• _Records for processing_
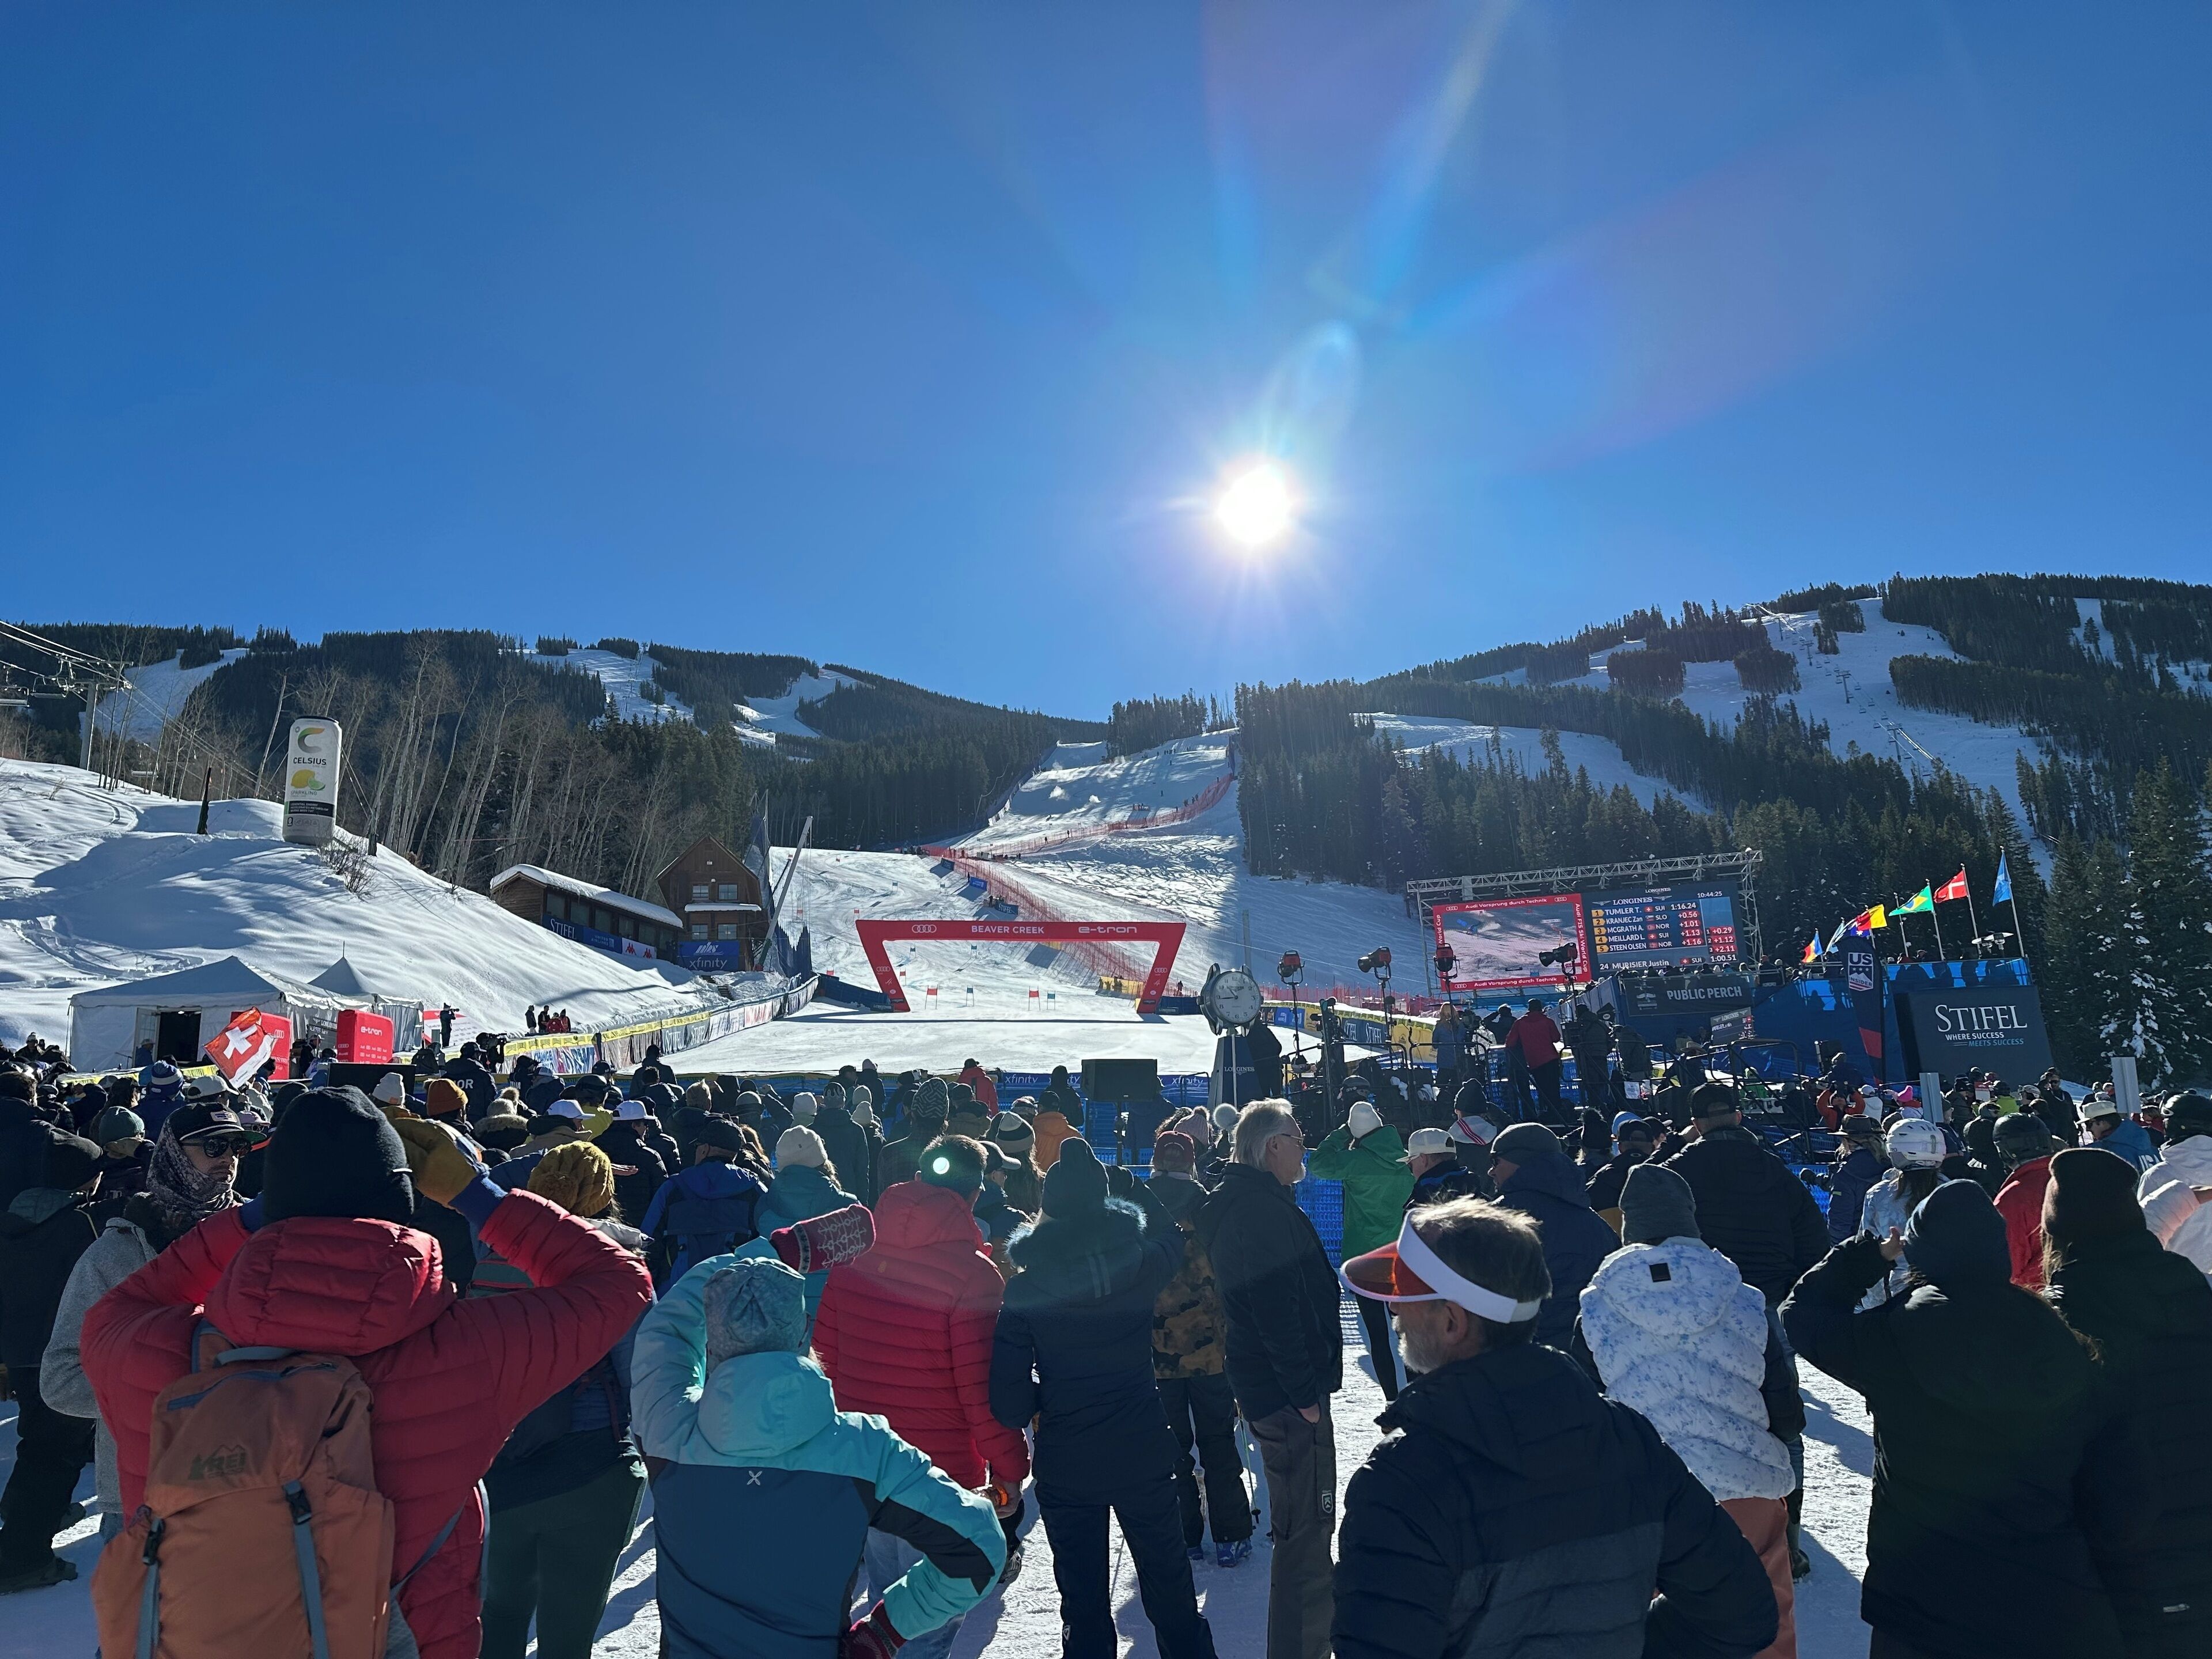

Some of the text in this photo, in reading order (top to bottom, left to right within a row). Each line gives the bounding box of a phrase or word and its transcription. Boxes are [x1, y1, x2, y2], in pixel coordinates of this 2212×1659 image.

[293, 757, 327, 766] CELSIUS
[1613, 897, 1653, 905] LONGINES
[1606, 916, 1632, 925] KRANJEC
[551, 918, 577, 940] STIFEL
[689, 957, 728, 969] xfinity
[1850, 953, 1872, 965] US
[1612, 961, 1647, 969] MURISIER
[1849, 976, 1872, 987] INSIDER
[1666, 986, 1743, 1000] PUBLIC PERCH
[1935, 1004, 2028, 1032] STIFEL
[361, 1027, 382, 1036] e-tron
[455, 1079, 474, 1089] OR
[1005, 1074, 1038, 1084] xfinity

• _Instructions to follow_
The result should be the full listing, retyped exactly and free of pictures.

• _Written answer_
Some of the text in this photo, in reading order (top to bottom, left to right within a row). Each line gives the bounding box of a phrase or word and its transcription. Boxes are [x1, y1, x2, y2], in pixel coordinates of this 2212×1659 image.

[293, 757, 327, 766] CELSIUS
[1613, 897, 1653, 905] LONGINES
[1606, 916, 1632, 925] KRANJEC
[551, 918, 577, 940] STIFEL
[689, 957, 728, 969] xfinity
[1850, 953, 1872, 965] US
[1612, 961, 1647, 969] MURISIER
[1849, 976, 1872, 987] INSIDER
[1666, 986, 1743, 1000] PUBLIC PERCH
[1935, 1004, 2028, 1032] STIFEL
[361, 1027, 382, 1036] e-tron
[455, 1079, 474, 1089] OR
[1005, 1074, 1038, 1084] xfinity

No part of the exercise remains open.